Analysis of KRAS, BRAF, PTEN, IGF1R, EGFR intron 1 CA status in both primary tumors and paired metastases in determining benefit from cetuximab therapy in colon cancer.

PURPOSE

The aim of this study was to determine the expression of molecular markers in metastatic colorectal cancer (mCRC) and the concordance between primary tumor and metastasis. We also aimed to determine the relationship between molecular markers and clinical outcomes of cetuximab-containing chemotherapy.

METHODS

Seventy-five mCRC patients who received cetuximab-containing chemotherapy between 2000 and 2008 were consecutively enrolled.

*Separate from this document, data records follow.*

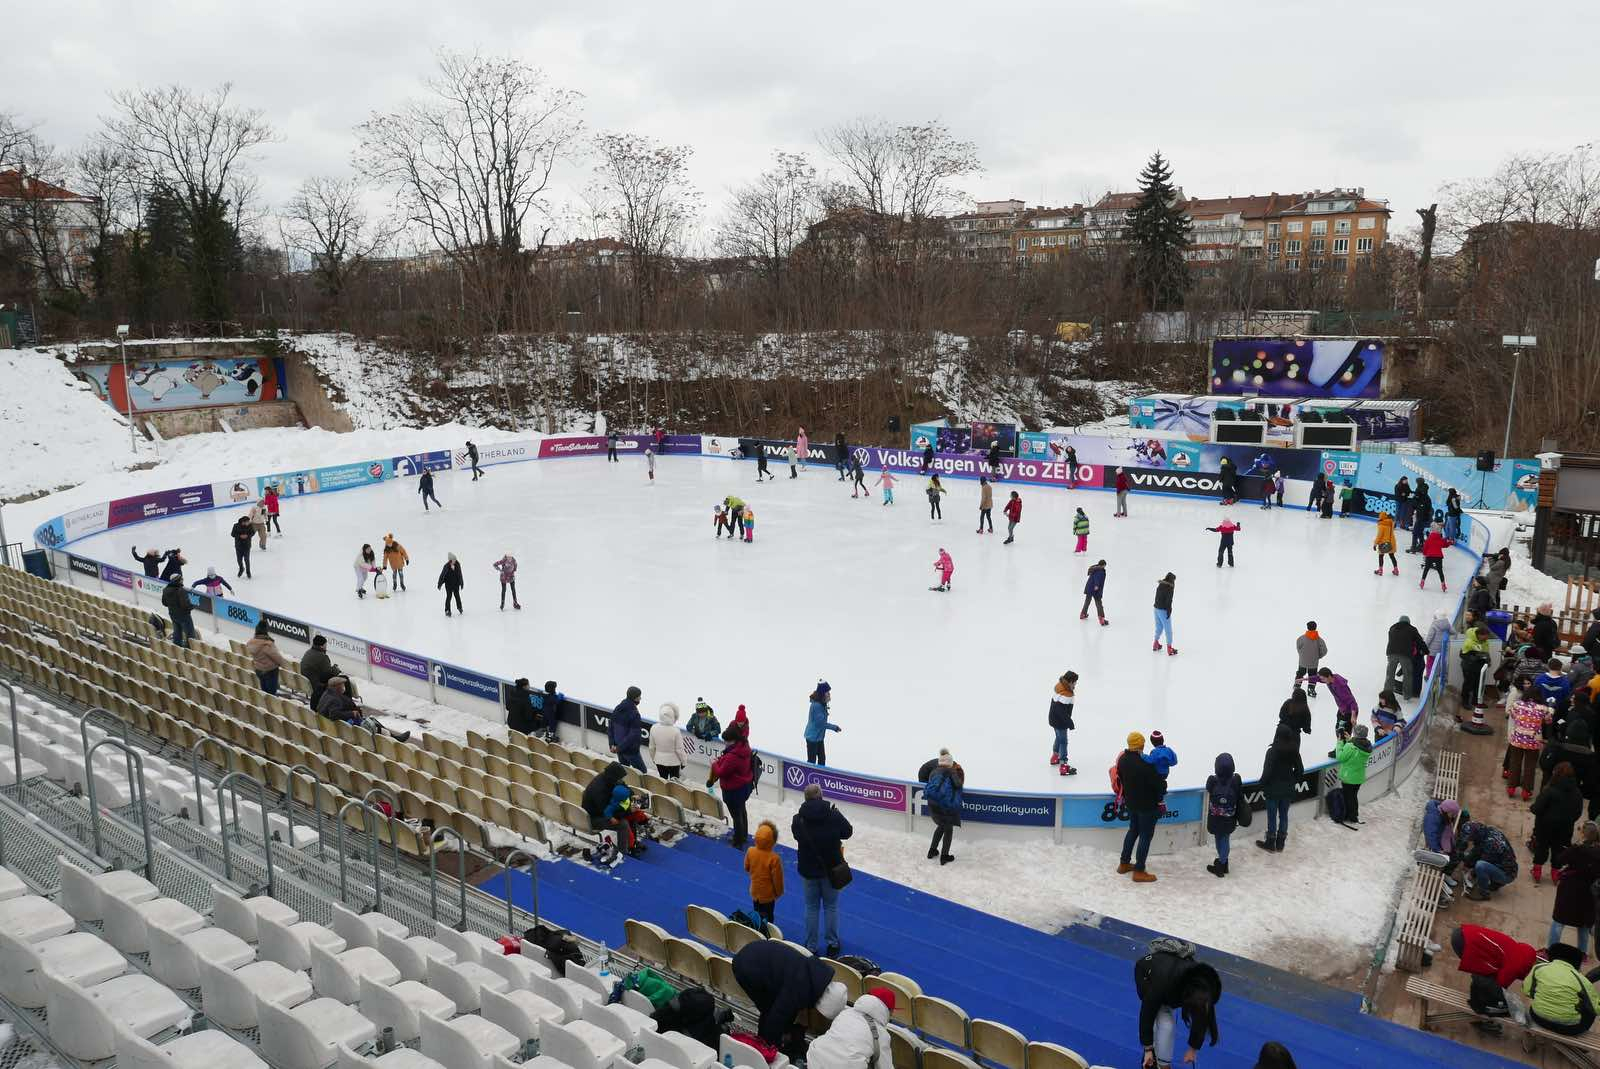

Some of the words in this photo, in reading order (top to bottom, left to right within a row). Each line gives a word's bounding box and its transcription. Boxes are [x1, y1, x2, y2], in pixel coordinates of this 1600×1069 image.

[480, 447, 525, 460] THERLAND
[1017, 462, 1038, 477] to
[72, 559, 97, 574] VIVACOM
[266, 618, 307, 638] VIVACOM
[327, 638, 367, 656] UTHERLAND
[824, 778, 882, 800] Volkswagen
[883, 789, 897, 800] ID.
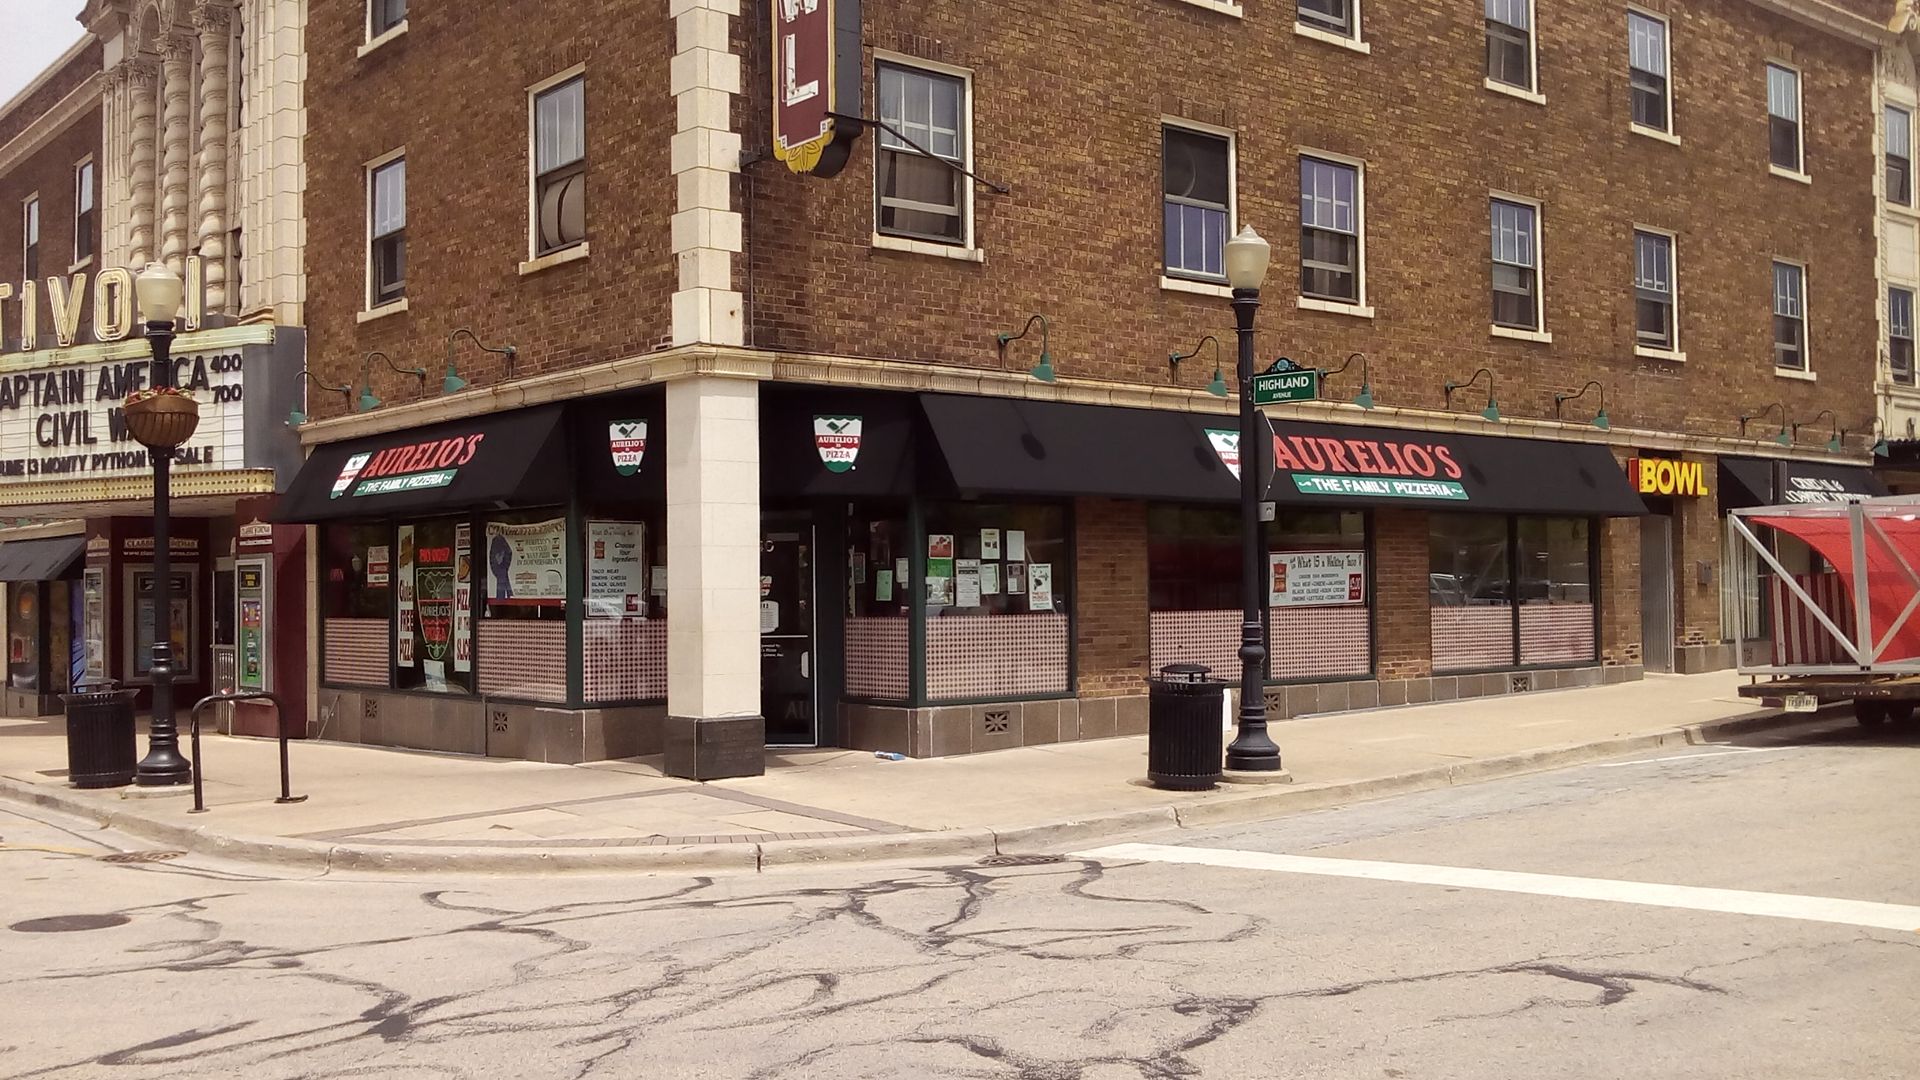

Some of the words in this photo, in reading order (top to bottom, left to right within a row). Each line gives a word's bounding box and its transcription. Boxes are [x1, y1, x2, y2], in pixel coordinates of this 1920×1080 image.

[0, 256, 200, 350] IVOI
[0, 368, 84, 410] APTAIN
[210, 354, 242, 373] 400
[1258, 376, 1309, 391] HIGHLAND
[211, 384, 243, 404] 700
[36, 410, 97, 447] CIVIL
[611, 440, 645, 448] AURELIO'S
[28, 458, 39, 475] 13
[41, 454, 87, 475] MONTY
[92, 450, 146, 471] PYTHON
[174, 445, 214, 465] SALE
[361, 433, 485, 478] AURELIO'S
[617, 454, 638, 463] PIZZA
[825, 450, 851, 459] PIZZA
[1274, 435, 1462, 479] AURELIO'S
[364, 482, 380, 493] THE
[379, 478, 409, 492] FAMILY
[408, 473, 444, 488] PIZZERIA
[1311, 477, 1340, 492] THE
[1341, 480, 1391, 493] FAMILY
[1394, 482, 1453, 496] PIZZERIA
[1639, 459, 1708, 495] BOWL
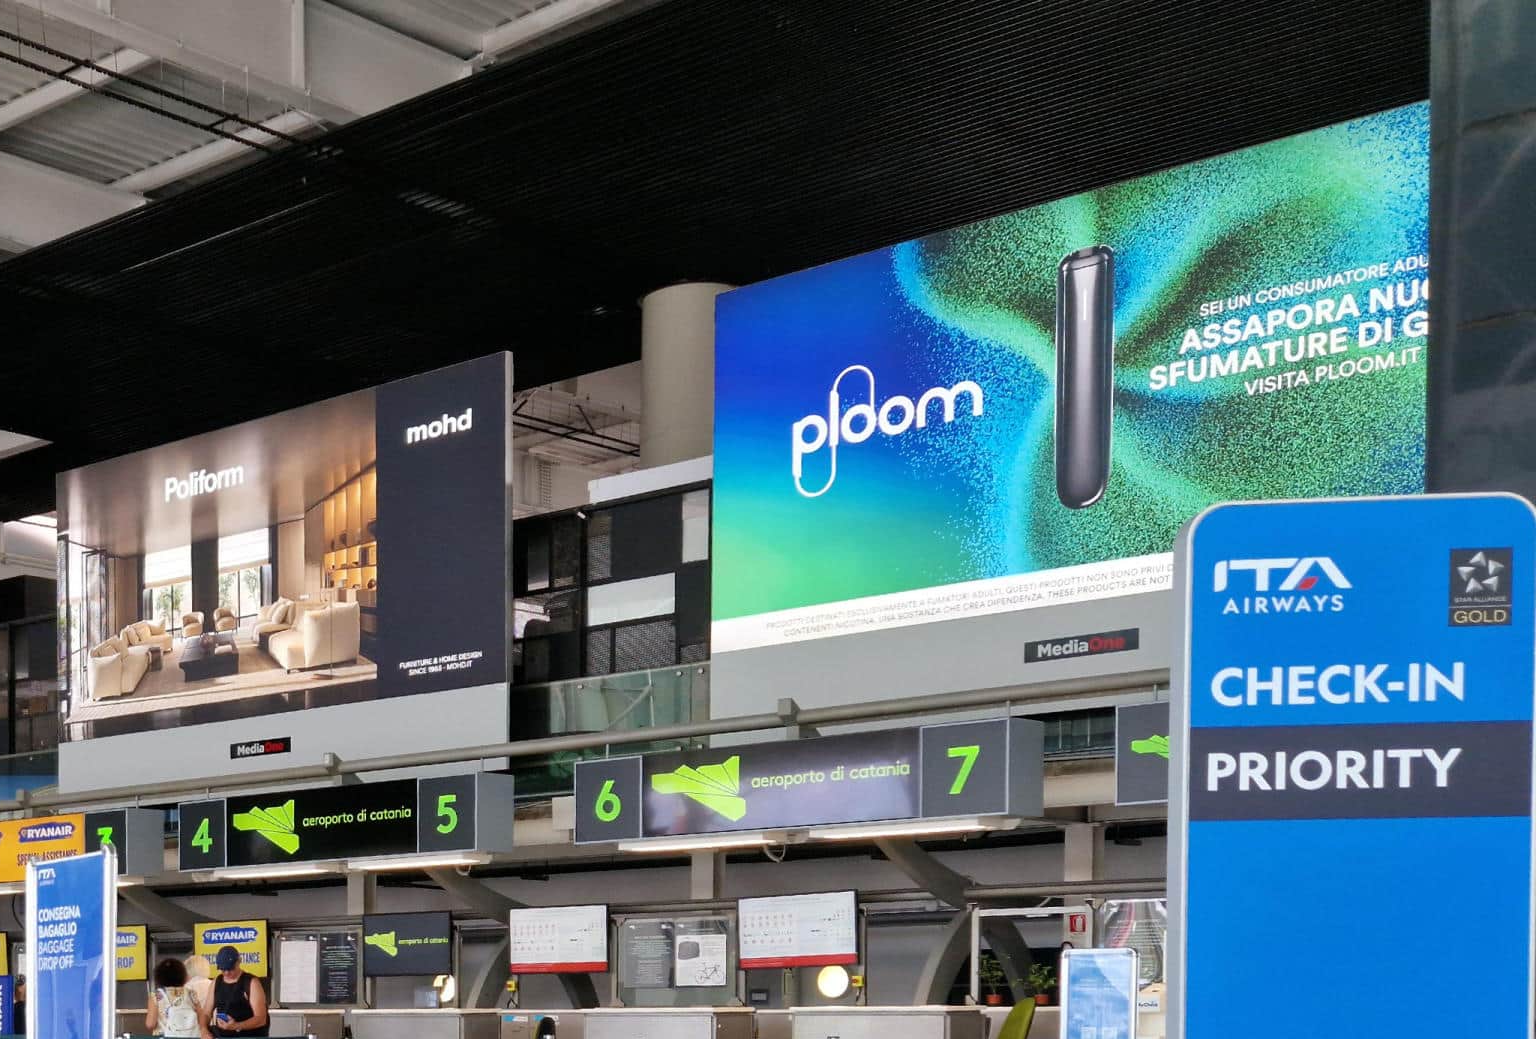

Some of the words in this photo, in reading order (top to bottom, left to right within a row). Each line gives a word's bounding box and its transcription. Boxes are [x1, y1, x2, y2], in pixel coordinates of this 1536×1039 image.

[1199, 302, 1225, 317] SEI
[1229, 294, 1252, 311] UN
[1255, 262, 1389, 305] CONSUMATORE
[1179, 293, 1360, 354] ASSAPORA
[1149, 326, 1348, 391] SFUMATURE
[1358, 316, 1393, 348] DI
[1244, 370, 1310, 396] VISITA
[1315, 346, 1422, 383] PLOOM.IT
[407, 407, 472, 444] mohd
[792, 364, 984, 498] ploom
[165, 465, 244, 502] Poliform
[1087, 571, 1108, 583] NON
[1110, 567, 1136, 580] SONO
[1140, 563, 1165, 576] PRIVI
[1214, 556, 1353, 592] ITA
[963, 600, 985, 611] CREA
[1048, 587, 1075, 599] THESE
[1077, 580, 1127, 597] PRODUCTS
[1129, 576, 1147, 587] ARE
[1149, 574, 1170, 585] NOT
[1222, 595, 1345, 615] AIRWAYS
[1454, 609, 1506, 624] GOLD
[1037, 635, 1126, 659] MediaOne
[399, 657, 432, 670] FURNITURE
[439, 654, 458, 664] HOME
[458, 650, 483, 661] DESIGN
[408, 666, 427, 677] SINCE
[1211, 661, 1465, 708] CHECK-IN
[237, 741, 284, 757] MediaOne
[1207, 747, 1463, 791] PRIORITY
[595, 780, 622, 822] 6
[751, 769, 825, 791] aeroporto
[830, 766, 845, 781] di
[849, 760, 910, 780] catania
[947, 745, 980, 795] 7
[27, 825, 73, 839] RYANAIR
[191, 818, 213, 853] 4
[302, 811, 354, 829] aeroporto
[356, 808, 367, 822] di
[369, 805, 412, 821] catania
[437, 794, 458, 834] 5
[38, 905, 81, 922] CONSEGNA
[38, 921, 77, 938] BAGAGLIO
[116, 935, 136, 945] NAIR
[211, 930, 256, 941] RYANAIR
[38, 939, 74, 955] BAGGAGE
[38, 956, 58, 972] DROP
[58, 955, 75, 969] OFF
[117, 957, 135, 968] ROP
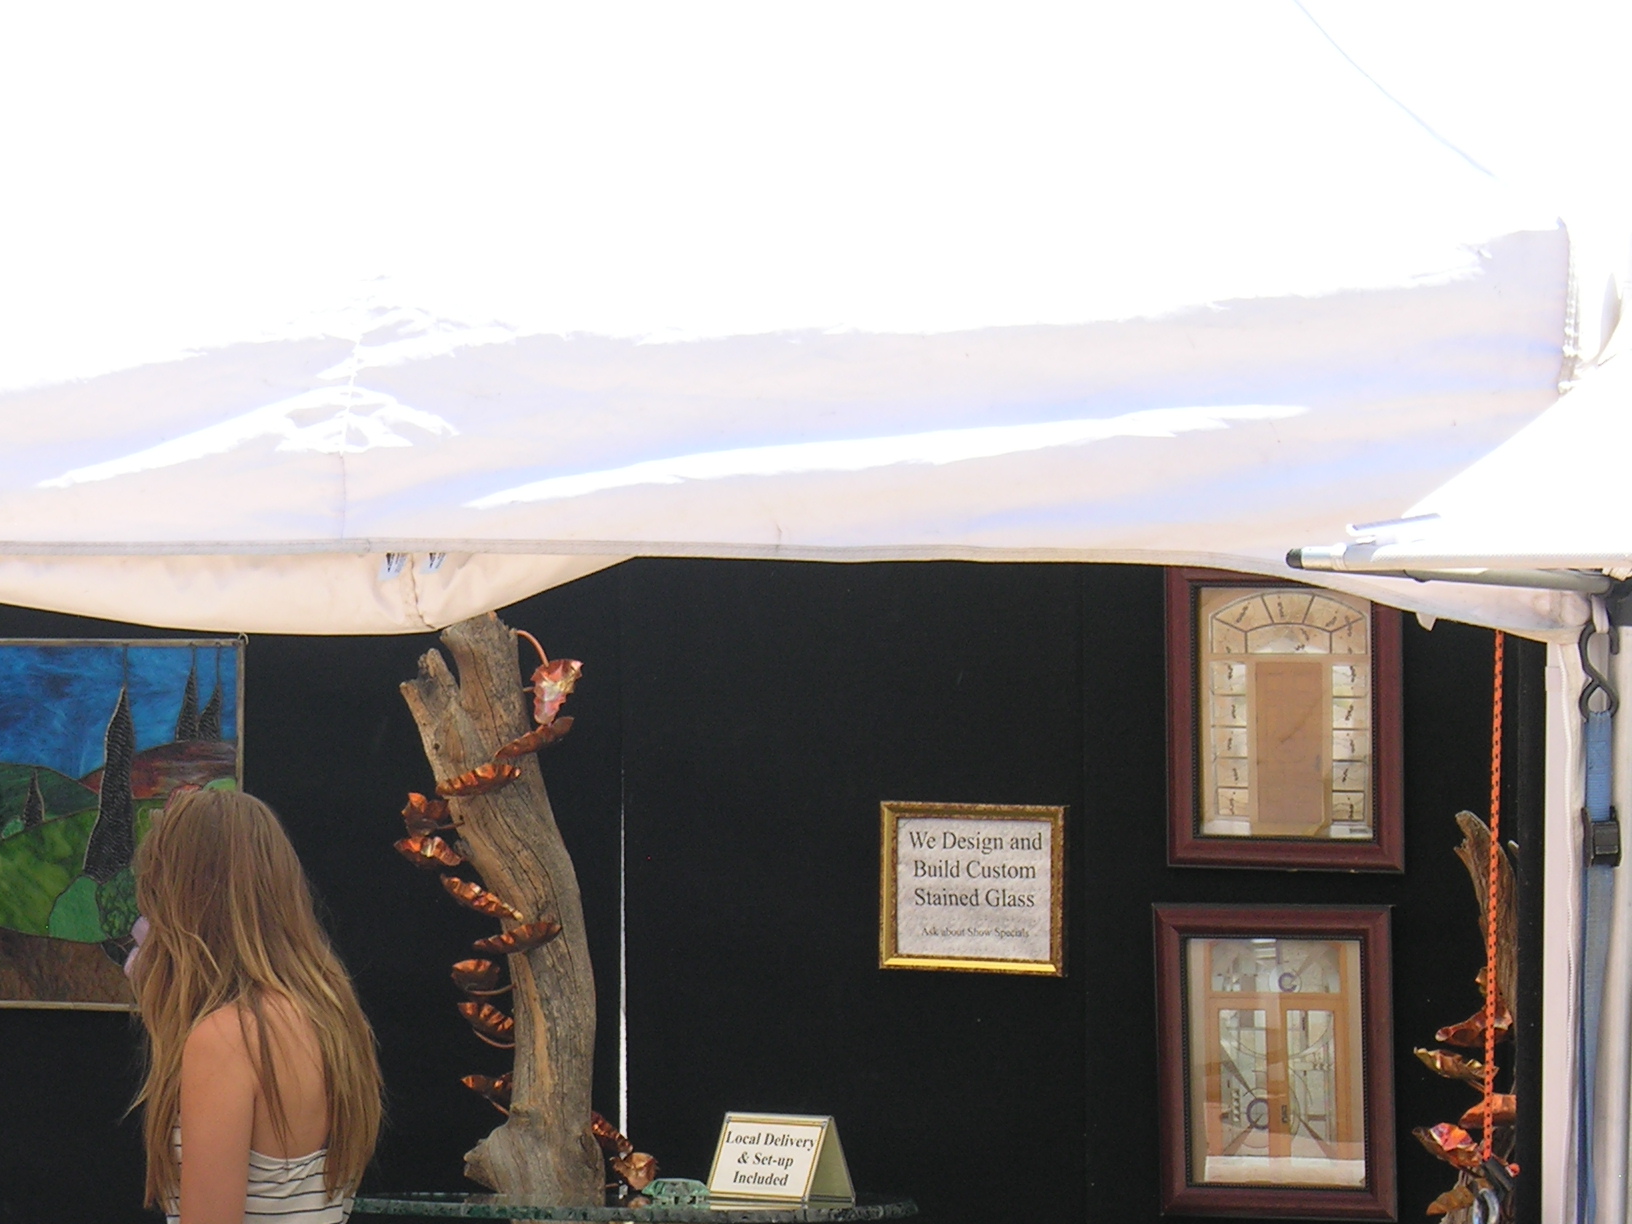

EGFR, p-EGFR, PTEN, and IGF-1R expression by immunohistochemistry, DNA sequencing for EGFR, KRAS, BRAF, and PI3 KCA, and EGFR amplification by FISH were done.

RESULTS

The positive expression of EGFR, p-EGFR, PTEN, and IGF-1R was determined in 45 (64.3%), 9 (14.8%), 35 (50.7%), and 10 patients (16.1%), respectively. EGFR gene amplification or high polysomy was detected in 10 patients (17.6%). KRAS mutation and BRAF mutation were detected in 19 patients (27.5%) and five patients (7.0%), respectively. Among tested biomarkers, only the EGFR intron 1 CA repeat polymorphism and BRAF mutation showed concordance (kappa = 0.600, P = 0.003; and kappa = 0.692, P = 0.001, respectively) between primary tumor and paired metastasis. Skin rash was a strong predictive marker for response rate, PFS, and OS. In KRAS mutant tumors, PTEN expression was associated with a longer PFS. BRAF mutation was related to poor outcome in KRAS wild-type tumors.

CONCLUSIONS

BRAF mutations and EGFR intron 1 CA repeat polymorphisms were concordant between primary tumors and paired metastases. In KRAS mutant tumors, PTEN expression was a predictive marker for favorable outcomes. In KRAS wild type, BRAF mutation was strong predictive markers for poor outcomes.